Discurso de André Kaspi por la Hazkarah (9 octubre 2016)

Discours d'André Kaspi le 9 octobre 2016 au Mémorial de la Shoah © Pierre-Emmanuel Weck

Discurso de André Kaspi el 9 de octubre de 2016 en el Memorial del Holocausto © Pierre-Emmanuel Weck

El Hazkarah es una conmemoración anual dedicada al recuerdo de las víctimas sin sepultura del Holocausto.

Domingo 9 de octubre de 2016 - Discurso de André Kaspi, historiador, profesor emérito en la universidad Paris 1 Panthéon-Sorbonne.

«Señoras y señores:

La invitación que usted me ha dirigido, señor Presidente, me conmueve profundamente. No pensé que un día, en este Memorial inaugurado hace 60 años, me correspondería conmemorar el recuerdo de las víctimas del Holocausto. Usted me ha confiado una gran responsabilidad, señor Presidente. La tarea que se me ha encomendado me parece tanto más formidable.

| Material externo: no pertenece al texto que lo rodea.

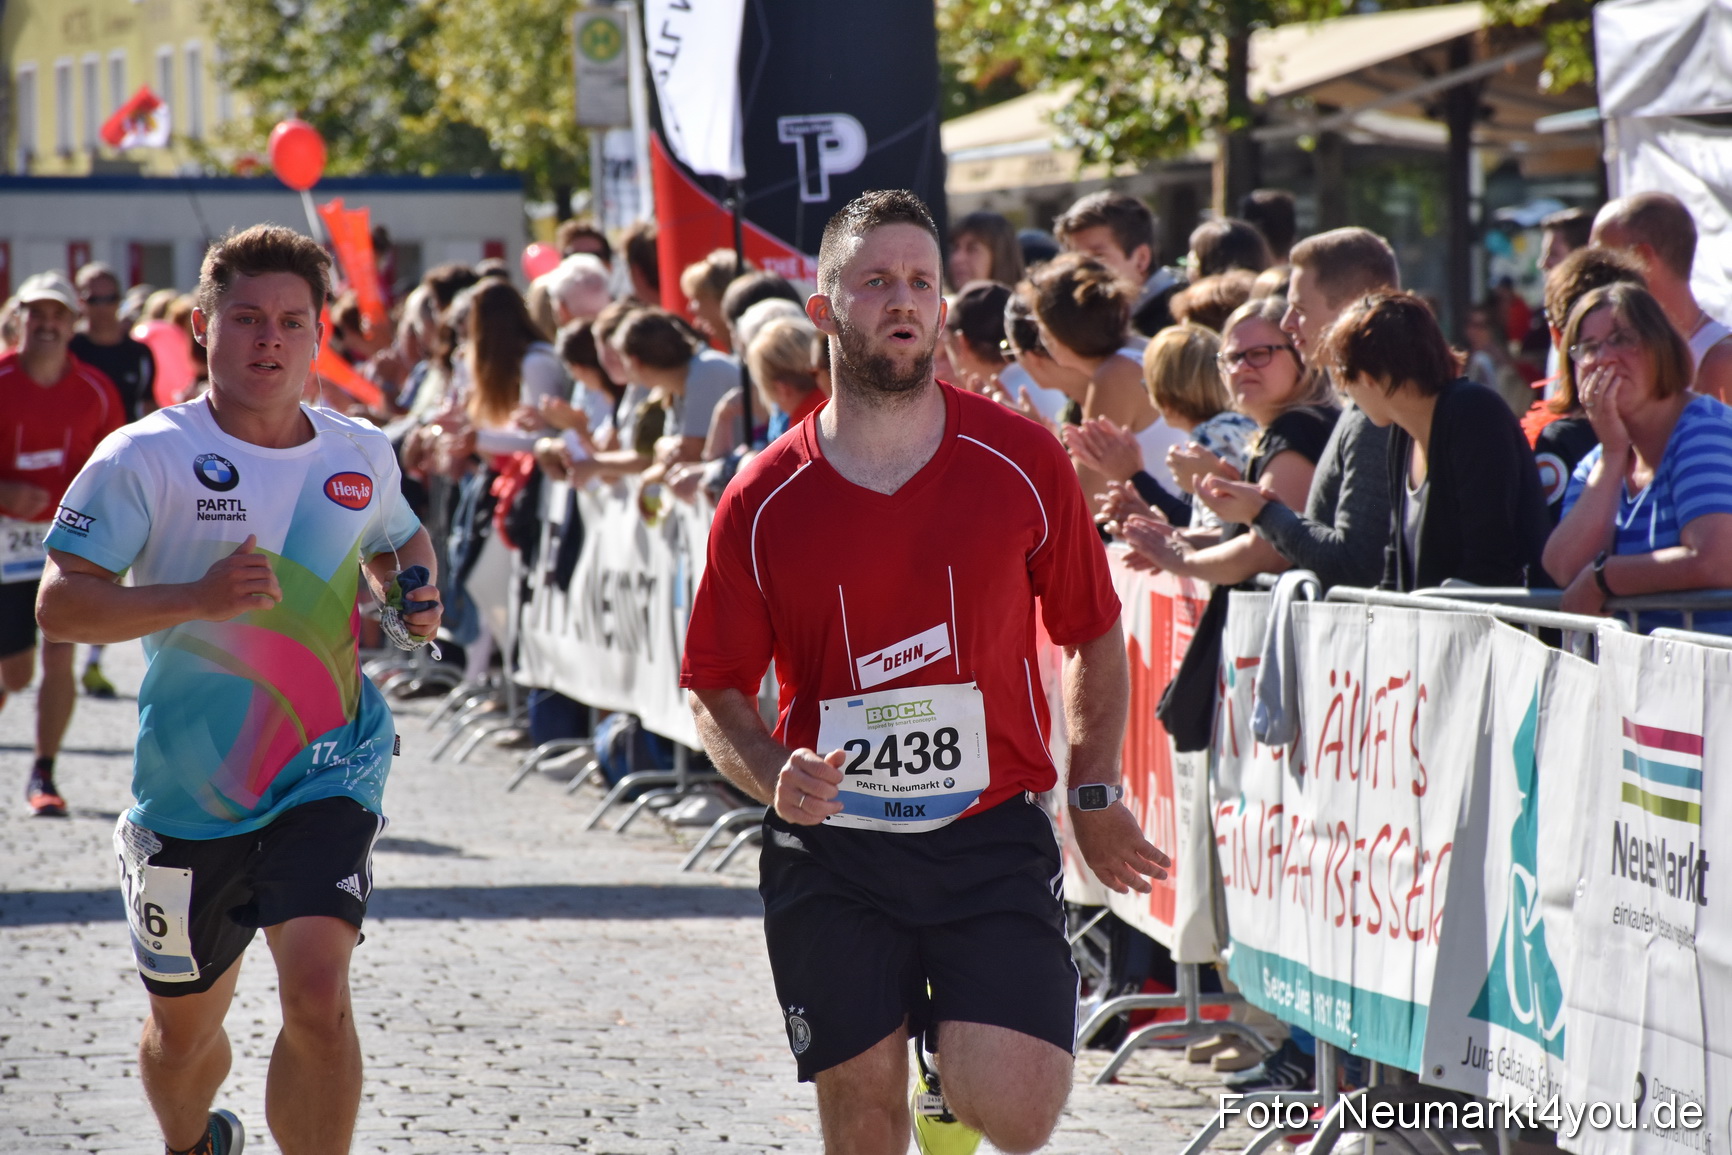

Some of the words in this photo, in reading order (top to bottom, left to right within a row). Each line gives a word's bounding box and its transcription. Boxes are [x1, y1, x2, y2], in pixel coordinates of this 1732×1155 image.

[196, 452, 233, 468] BMW
[332, 481, 370, 500] Hervis
[196, 499, 247, 513] PARTL
[196, 512, 247, 522] Neumarkt
[883, 642, 924, 673] DEHN
[866, 699, 936, 725] BOCK
[867, 722, 887, 731] inspired
[895, 719, 912, 727] smart
[912, 716, 937, 724] concepts
[311, 741, 340, 765] 17.
[843, 726, 963, 778] 2438
[856, 780, 890, 793] PARTL
[891, 780, 940, 793] Neumarkt
[884, 801, 926, 818] Max
[1460, 1036, 1493, 1072] Jura

En este momento particular, quisiera evocar la memoria de dos miembros de mi familia. El nombre de mi abuelo figura en el muro de los deportados. Icek Koralstein vivió varias vidas. Fue carnicero en Varsovia (en la época en que Polonia, ferozmente antisemita, formaba parte del Imperio ruso). Emigró a los Estados Unidos. Milwaukee y Brooklyn no lo satisficieron.

Se instala por poco tiempo en la Palestina mandataria. Finalmente elige instalarse en Francia, en París en el Marais y luego en Belleville. El país de Zola, la patria de los Derechos del Hombre, la nación - faro que había terminado por reconocer la inocencia del capitán Dreyfus, era, creía él, el fin del viaje. Allí viviría con sus hijos y nietos.

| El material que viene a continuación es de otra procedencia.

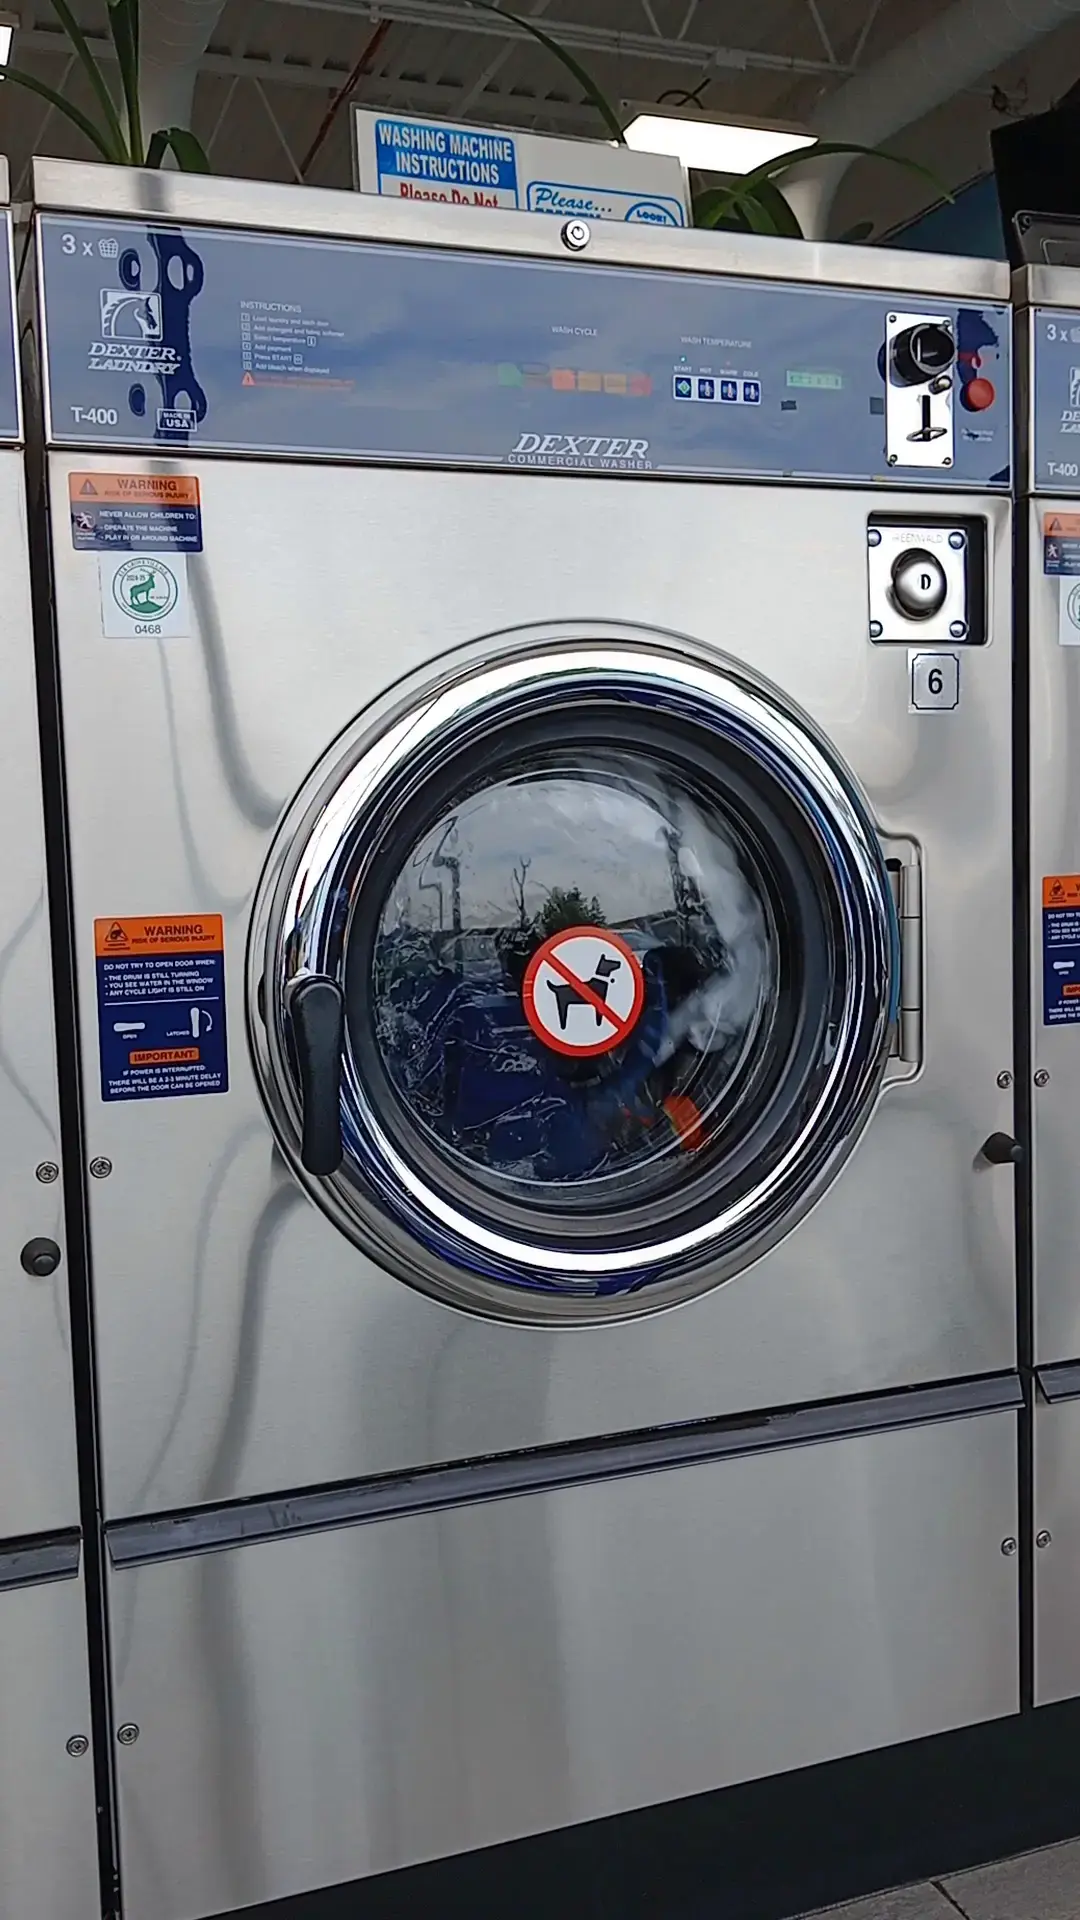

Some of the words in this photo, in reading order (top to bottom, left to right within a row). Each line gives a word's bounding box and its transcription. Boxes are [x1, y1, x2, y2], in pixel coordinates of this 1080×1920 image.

[379, 123, 446, 153] WASHING
[450, 134, 512, 162] MACHINE
[396, 151, 500, 184] INSTRUCTIONS
[636, 210, 667, 224] LOOK!
[61, 234, 76, 254] 3
[82, 242, 94, 256] x
[240, 301, 301, 313] INSTRUCTIONS
[551, 325, 573, 334] WASH
[574, 327, 597, 336] CYCLE
[1047, 324, 1057, 341] 3
[1060, 330, 1068, 341] x
[680, 336, 701, 344] WASH
[703, 337, 752, 348] TEMPERATURE
[88, 342, 176, 361] DEXTER
[88, 358, 180, 374] LAUNDRY
[71, 406, 117, 424] T-400
[166, 419, 189, 428] USA
[511, 433, 649, 459] DEXTER
[508, 453, 594, 468] COMMERCIAL
[600, 459, 652, 470] WASHER
[1047, 462, 1078, 477] T-400
[117, 479, 177, 491] WARNING
[920, 574, 931, 590] D
[135, 625, 162, 635] 0468
[928, 668, 943, 695] 6
[144, 924, 203, 936] WARNING
[124, 988, 146, 996] CYCLE
[134, 1050, 194, 1062] IMPORTANT
[132, 1077, 147, 1085] WILL
[175, 1074, 199, 1082] MINUTE
[110, 1086, 136, 1094] BEFORE

Recogido el 11 de febrero de 1943, fue deportado a los 67 años con otros 700 ancianos el 2 de marzo. Ni siquiera sé si llegó a Auschwitz. Usted entiende por qué no puedo permanecer insensible al Holocausto. Sobre mis hombros pesa el peso de una tragedia familiar, y sobre todo el peso de la tragedia judía.

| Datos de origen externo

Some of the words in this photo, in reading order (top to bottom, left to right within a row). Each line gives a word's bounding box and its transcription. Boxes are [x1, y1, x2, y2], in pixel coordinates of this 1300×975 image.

Llevo en mí otro pasado. Mi hermano mayor, Lazare Kaspi, posa para la foto armado con un rifle que data de otra guerra. Comandaba un maquis de la Drôme. Había interrumpido sus estudios de derecho para formar parte de esa Resistencia que tan valientemente contribuyó a la liberación de nuestro país.

Nacido de padre de origen rumano y madre de origen polaco, murió por Francia el 4 de junio de 1944, dos días antes del desembarco de Normandía. Tenía 22 años.

Estas vidas rotas me persiguen. Me han hecho un historiador judío - he dicho bien: un historiador judío y no un historiador judío. Es a través de la historia, la historia de la Segunda Guerra Mundial, la historia de las deportaciones, la historia de mi familia que me convertí realmente en judío.

En El testamento de un poeta judío asesinado, Elie Wiesel imagina a un personaje que se esfuerza por definir su judaísmo. ¿Una cultura? No la conoces. ¿Una civilización? ¿No la vives. ¿Una filosofía? ¿No la practicas. Una patria? No vives en Israel. [... ] Ser judío es una toma de conciencia». Añadiré que para mí es una toma de conciencia histórica.

No fue casualidad lo que me guió, aún joven y tímido investigador, hacia el Centro de documentación judía contemporánea, fundado en 1943 por Isaac Schneersohn.

Georges Wellers, Léon Czertok, Joseph Billig, Léon Poliakov me han acogido con benevolencia. No tardaron en adoptarme, en considerarme como uno de ellos. Me concedieron su amistad, hasta el punto de que con Serge Klarsfeld organizamos y publicamos en 1979 uno de los primeros coloquios sobre Vichy, la Resistencia y los judíos.

Desde entonces no he dejado de examinar la historia reciente de los judíos, de incluirme en ella, de considerar que esta historia es también mi historia, que yo también tengo la responsabilidad de analizarla, de hacerla conocer, de transmitirla, en una palabra, me corresponde, como a muchos otros, de guardarla.

Los últimos supervivientes nos cuentan, con sus pobres palabras, con el dolor que llevan dentro de sí, con su incapacidad para compartirlo plenamente, el horror que han conocido. Saben que no podemos imaginar lo que han pasado. Peor aún, adivinan que no queremos escucharlos, que hablan de un pasado lejano, de un mundo que ya no existe. Entonces, durante mucho tiempo, se callaron.

Pronto, como todos sabemos, no habrá supervivientes de los campamentos. Los últimos testigos desaparecerán. El papel de los historiadores será aún más importante que hoy. Más aún que hoy, tendremos que tomar el relevo, asumir una pesada sucesión, aceptar plenamente esta responsabilidad.

¿Somos capaces de hacerlo? Esa es la pregunta que nos ocupa.

Es que, somos conscientes de ello, nos corresponde explicar lo inexplicable. Incluso si uno siente una emoción, legítima tanto como incontenible. Evidentemente, el Holocausto fue el momento más notable, sangriento e incomprensible de la historia del siglo XX. Insisto en este punto. Se puede analizar, sopesar, diseccionar las matanzas que han ilustrado trágicamente el siglo XX. Ninguno es realmente comparable al Holocausto.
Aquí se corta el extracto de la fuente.